I discendenti delle popolazioni Maya contro il presidente Bush: "Dopo il suo passaggio, purificheremo la zona"
Dopo le violente contestazioni ricevute in Brasile, Uruguay e Colombia, anche
in Guatemala il presidente Bush è stato attaccato dai rappresentanti delle comunità
Maya: “Dopo il suo passaggio dobbiamo purificare la zona” hanno detto i discendenti
della civiltà nata 1500 anni prima di Cristo.
“George Bush porta con sé vibrazioni negative, per questo il luogo va ripulito”.
Ha detto il rappresentante del popolo Maya in Guatemala, Rodolfo Pocop, a commento
della permanenza del presidente Bush nel piccolo e fedele (solo agli Usa..) stato
centramericano.
I discendenti dell'antico popolo non gradiscono il passaggio di re George in
uno dei luoghi sacri della civiltà maya: le rovine di Iximchè, impareggiabili
dal punto di vista archeologico, dove da più di tre millenni (e ancora oggi) si
celebrano i riti sacri di questa civiltà.
E per questo hanno deciso di 'ripulirli' dalla negatività lasciata da Bush in
un modo molto particolare: saranno bruciati incensi e fiori e tutto sarà bagnato
con l'acqua del posto, in pieno stile Maya.
“Dopo il passaggio di Bush, che vuole trasformare un luogo sacro della nostra
cultura e identità in uno show folkloristico per divertirsi con i suoi accompagnatori,
dovremo ristabilire la pace e l'armonia” ha commentato il capo Maya.
Dopo essere giunto in Guatemala, quarta tappa del suo viaggio in America Latina,
Bush, ha avuto un colloquio con il suo parigrado guatemalteco, Oscar Berger, e
insieme a lui si è diretto verso la provincia di Chimaltenango, per far visita
alle popolazioni indigene.
Il viaggio.
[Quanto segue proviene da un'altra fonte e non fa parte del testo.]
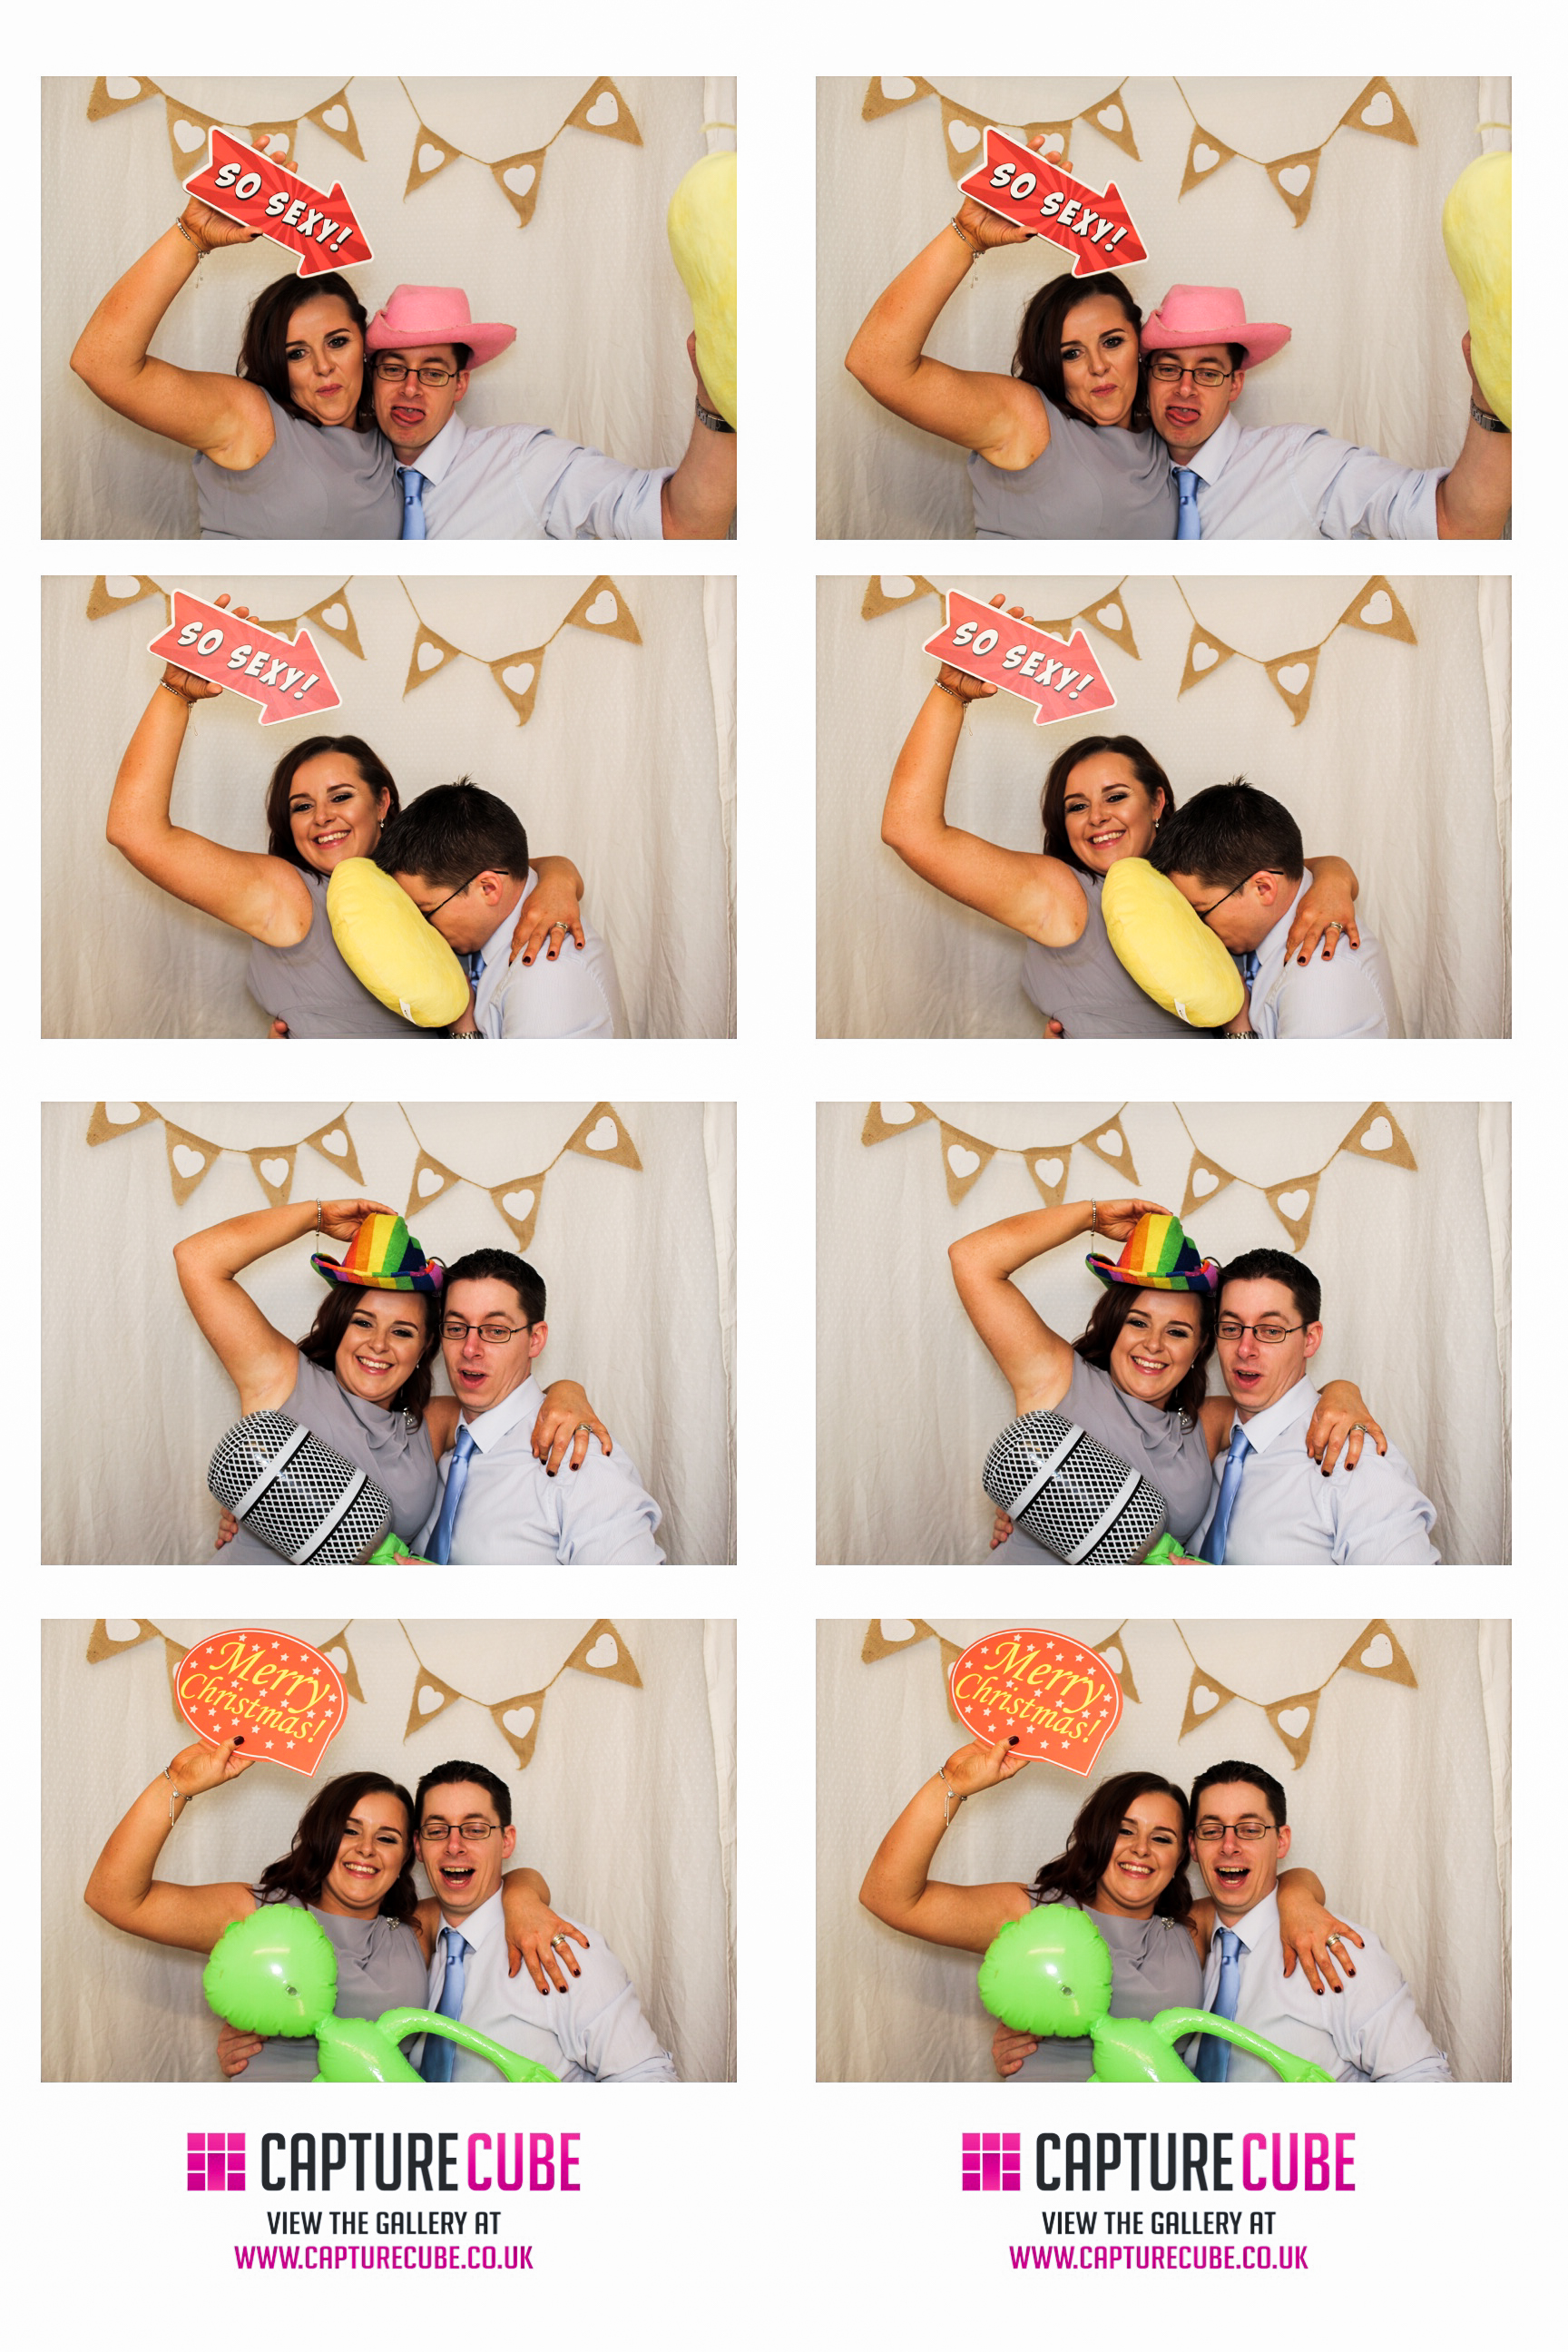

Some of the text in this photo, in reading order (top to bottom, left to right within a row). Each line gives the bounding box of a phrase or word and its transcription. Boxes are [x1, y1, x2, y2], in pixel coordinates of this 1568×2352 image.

Dopo le violentissime polemiche e i tafferugli che hanno caratterizzato la visita
del presidente Bush in Brasile, dove, insieme al leader brasiliano, Lula, ha stipulato
accordi sulla fornitura di etanolo, le contestazioni sono arrivate anche da molti
gruppi della sinistra radicale in Uruguay, seconda tappa del tour latinoamericano
del leader Usa. A controllare la situazione, però, al largo di Montevideo c'era
una portaerei, la J.F.Kennedy, dotata di un sofisticato sistema radar e in grado
di assistere il presidente in ogni tipo di esigenza.
Ma le contestazioni più feroci si sono avute in Colombia, da sempre considerato
da Bush un Paese amico, dove le autorità di Bogotà sono state costrette a arrestare
325 persone, 33 delle quali minorenni. In più, durante gli incidenti fra manifestanti
e polizia sarebbero state ferite decine di persone, bruciate foto con l'immagine
di Bush, branditi cartelloni con scritte eloquenti: da” Bush assassino” a “Via
Bush dall'America Latina” ai più fantasiosi “Viva Chavez”. E pensare che Bush
era arrivato in Colombia per discutere nuovi piani per la lotta al narcotraffico
e alla guerriglia. Le cose, come abbiamo potuto notare, non sono andate meglio
in Guatemala. Le proteste, inizate a Città del Guatemala, sono proseguite anche
nelle zone dove è maggiore la densità di abitanti di origine Maya, da sempre diffidenti
nei confronti della politica di Washington.
E pensare che Bush era arrivato in America Latina per “riconquistarne” la fiducia
a colpi di propaganda e di promesse di finanziamenti per la lotta alla povertà.